In this paper, our contributions with the HybridNet framework are twofold: first, in Sect. 3.1, we propose an architecture designed to efficiently allow both reconstruction and classification losses to cooperate; second, in Sect. 3.2, we design a training loss adapted to it that includes reconstruction, stability in the discriminative branch and a branch complementarity technique. In Sect. 4, we perform experiments to show that HybridNet is able to outperform state-of-the-art results in various semi-supervised settings on CIFAR-10, SVHN and STL-10. We also provide ablation studies validating the favorable impact of our contributions. Finally, we show several visualizations on CIFAR-10 and STL-10 datasets analogous to Fig. 1 to validate the behavior of both branches, with a discriminative branch that loses information that is restored by the second branch.

3 HybridNet: A Semi-supervised Learning Framework

In this section, we detail the proposed HybridNet model: the chosen architecture to mix supervised and unsupervised information efficiently in Sect. 3.1, and the semi-supervised training method adapted to this particular architecture in Sect. 3.2.

Fig. 2.
figure 2

General description of the HybridNet framework. \(E_c\) and C correspond to a classifier, \(E_c\) and \(D_c\) form an autoencoder that we call discriminative path, and \(E_u\) and \(D_u\) form a second autoencoder called unsupervised path.
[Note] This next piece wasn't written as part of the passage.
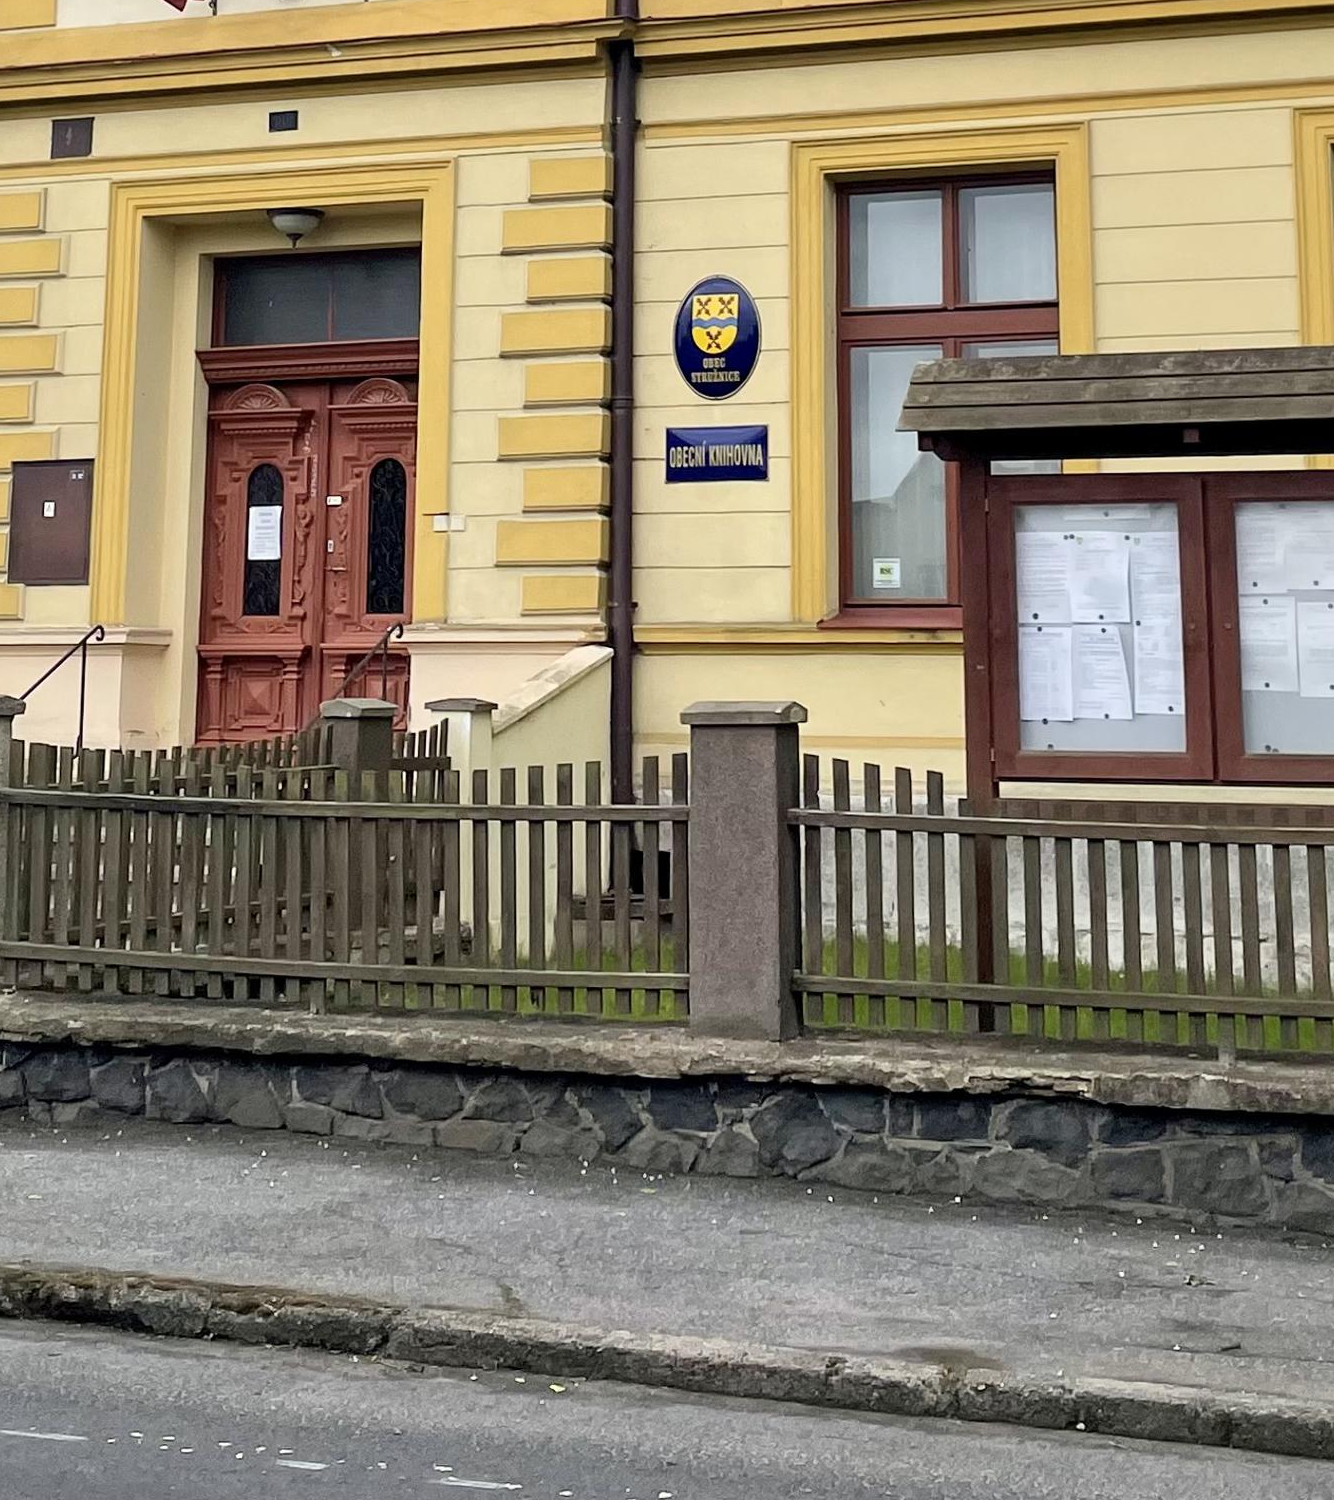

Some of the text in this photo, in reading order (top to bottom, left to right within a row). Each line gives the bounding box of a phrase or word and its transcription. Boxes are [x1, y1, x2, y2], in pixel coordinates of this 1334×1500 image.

The various loss functions used to train HybridNet are also represented in yellow (Color figure online)

3.1 Designing the HybridNet Architecture

General Architecture. As we have seen, classification requires intra-class invariant features while reconstruction needs to retain all the information. To circumvent this issue, HybridNet is composed of two auto-encoding paths, the discriminative path (\(E_c\) and \(D_c\)) and the unsupervised path (\(E_u\) and \(D_u\)). Both encoders \(E_c\) and \(E_u\) take an input image \(\mathbf {x}\) and produce representations \(\mathbf {h}_c\) and \(\mathbf {h}_u\), while decoders \(D_c\) and \(D_u\) take respectively \(\mathbf {h}_c\) and \(\mathbf {h}_u\) as input to produce two partial reconstructions \(\hat{\mathbf {x}}_c\) and \(\hat{\mathbf {x}}_u\). Finally, a classifier C produces a class prediction using discriminative features only: \(\hat{\mathbf {y}}= C(\mathbf {h}_c)\). Even if the two paths can have similar architectures, they should play different and complementary roles. The discriminative path must extract discriminative features \(\mathbf {h}_c\) that should eventually be well crafted to perform a classification task effectively, and produce a purposely partial reconstruction \(\hat{\mathbf {x}}_c\) that should not be perfect since preserving all the information is not a behavior we want to encourage. Consequently, the role of the unsupervised path is to be complementary to the discriminative branch by retaining in \(\mathbf {h}_u\) the information lost in \(\mathbf {h}_c\). This way, it can produce a complementary reconstruction \(\hat{\mathbf {x}}_u\) so that, when merging \(\hat{\mathbf {x}}_u\) and \(\hat{\mathbf {x}}_c\), the final reconstruction \(\hat{\mathbf {x}}\) is close to \(\mathbf {x}\). The HybridNet architecture, visible on Fig. 2, can be described by the following equations:

$$\begin{aligned} \begin{array}{ccc} \mathbf {h}_c = E_c(\mathbf {x}) &{} \quad \hat{\mathbf {x}}_c = D_c(\mathbf {h}_c) &{} \quad \hat{\mathbf {y}}= C(\mathbf {h}_c)\\ \mathbf {h}_u = E_u(\mathbf {x}) &{} \quad \hat{\mathbf {x}}_u = D_u(\mathbf {h}_u) &{} \quad \hat{\mathbf {x}}= \hat{\mathbf {x}}_c + \hat{\mathbf {x}}_u \end{array} \end{aligned}$$
(1)

Note that the end-role of reconstruction is just to act as a regularizer for the discriminative encoder. The main challenge and contribution of this paper is to find a way to ensure that the two paths will in fact behave in this desired way. The two main issues that we tackle are the fact that we want the discriminative branch to focus on discriminative features, and that we want both branches to cooperate and contribute to the reconstruction. Indeed, with such an architecture, we could end up with two paths that work independently: a classification path \(\hat{\mathbf {y}}= C(E_c(\mathbf {x}))\) and a reconstruction path \(\hat{\mathbf {x}}= \hat{\mathbf {x}}_u = D_u(E_u(\mathbf {x}))\) and \(\hat{\mathbf {x}}_c = 0\). We address both those issues through the design of the architecture of the encoders and decoders as well as an appropriate loss and training procedure.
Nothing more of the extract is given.